[Date Prev] | [Thread Prev] | [Thread Next] | [Date Next] -- [Date Index] | [Thread Index] | [List Home]
Subject: RE: [ws-rx] Issue i022, RM Assertions
Vikas, Are you optimistic or pessimistic? If you are optimistic, and you expect that
messages will usually be received and acknowledgements not lost, then you might
consider that re-transmissions are part of error recovery. Examples of optimistic systems might
include non-blocking crossbar connected multiprocessors, or even what we have come
to expect via normal high speed wired network connectivity, examples of
pessimistic systems included most radio based communications. A pessimistic system might operate with a
high re-try ratio.
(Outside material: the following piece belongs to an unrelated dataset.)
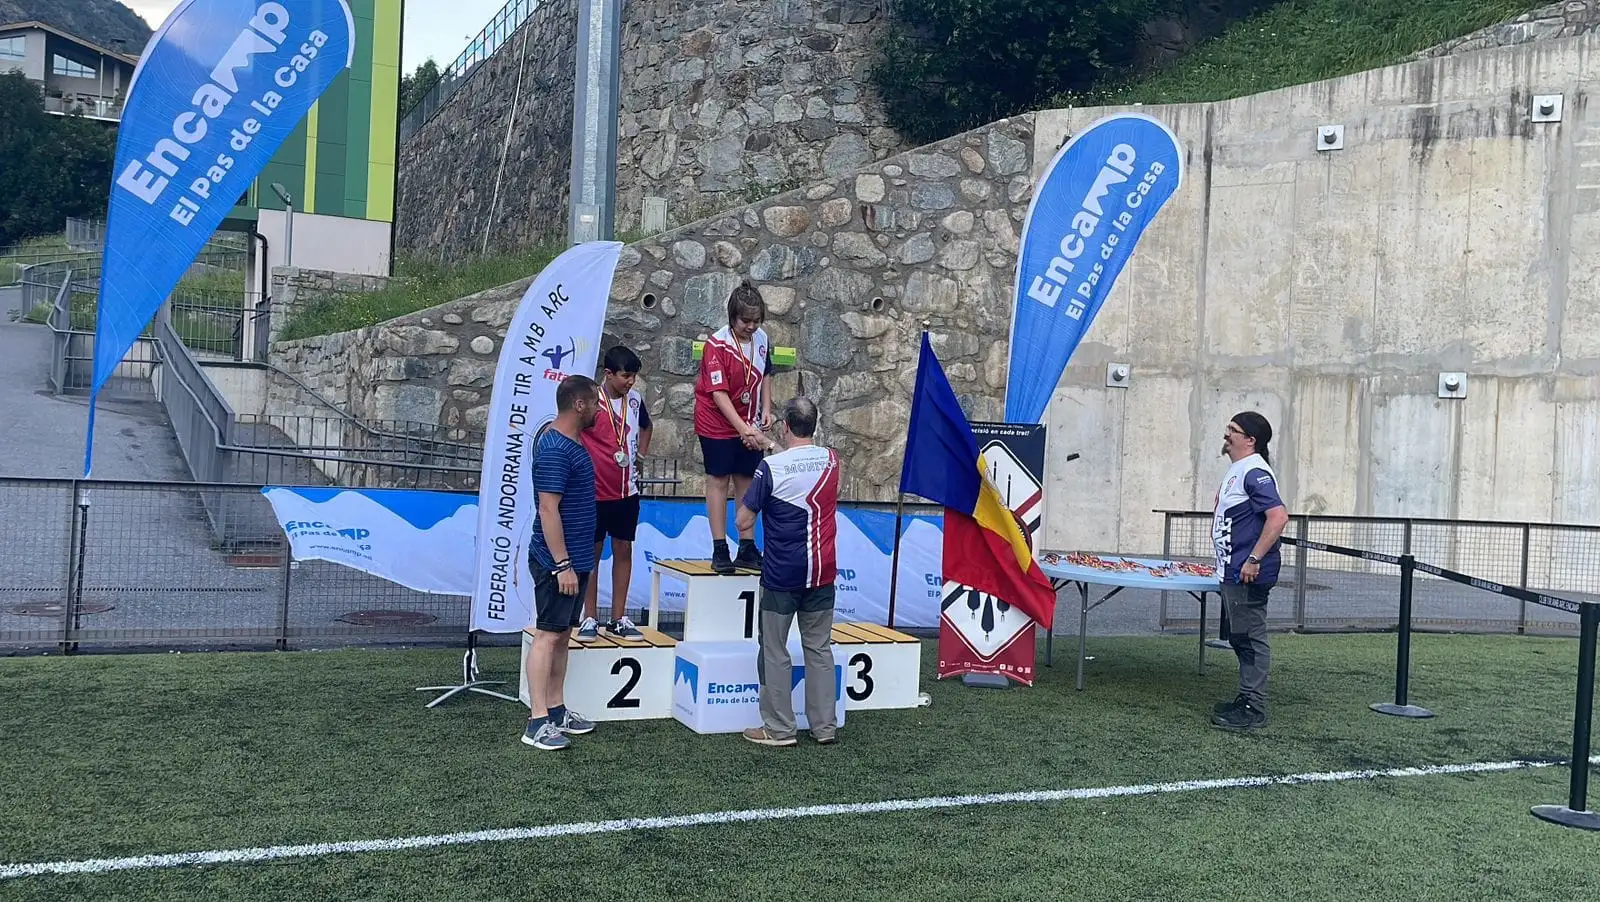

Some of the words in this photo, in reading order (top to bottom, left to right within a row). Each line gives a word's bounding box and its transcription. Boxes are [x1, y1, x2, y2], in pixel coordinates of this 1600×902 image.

It is also true that the optimal
parameters may change during the duration of a connection. The problem is that nobody knows, in the
general case, what is the nature of the stuff between sender and
receiver. This implies that what is needed is a mechanism that can cover
the ranges of possibilities. As far as I know, no static parameter set
can cover these eventualities. That is why I propose that a mechanism similar
to that which is used in RFC 1323 is indicated. In that mechanism, the
parameters are learned through a moving average mechanism based on actual
measured response timed. Other systems, such as my cross-bar
interconnected multiprocessors, would use possibly a hardware assisted
mechanism. Thanks -bob From: Vikas Deolaliker
[mailto:vikas@sonoasystems.com] Bob, I realize it not like the flow control
like done in lower layers of transports. But none the less it is a control of flow
because when you implement it, it affects exchange of messages between RMS and
RMD. And when it goes wrong, you compromise reliable exchange which is the
purpose of this spec. Vikas From: Bob Freund [mailto: Vikas, I don’t think that these parameters
have much to do with traditional flow control, just the re-try behaviors of
each end. The delay times and intervals are not
interoperability concerns as much as they are path and performance
optimizations. Flow control, if I understand you
correctly, is something like the sdlc mechanism of rr/rnr whereby the sender
could ask if the receiver was ready to receive a message or not. This
tends to be part of much lower level protocols involving physical
transport. The spec assumes that there is some sort of transport underneath
that has the responsibility of managing what one might call (to coin a term)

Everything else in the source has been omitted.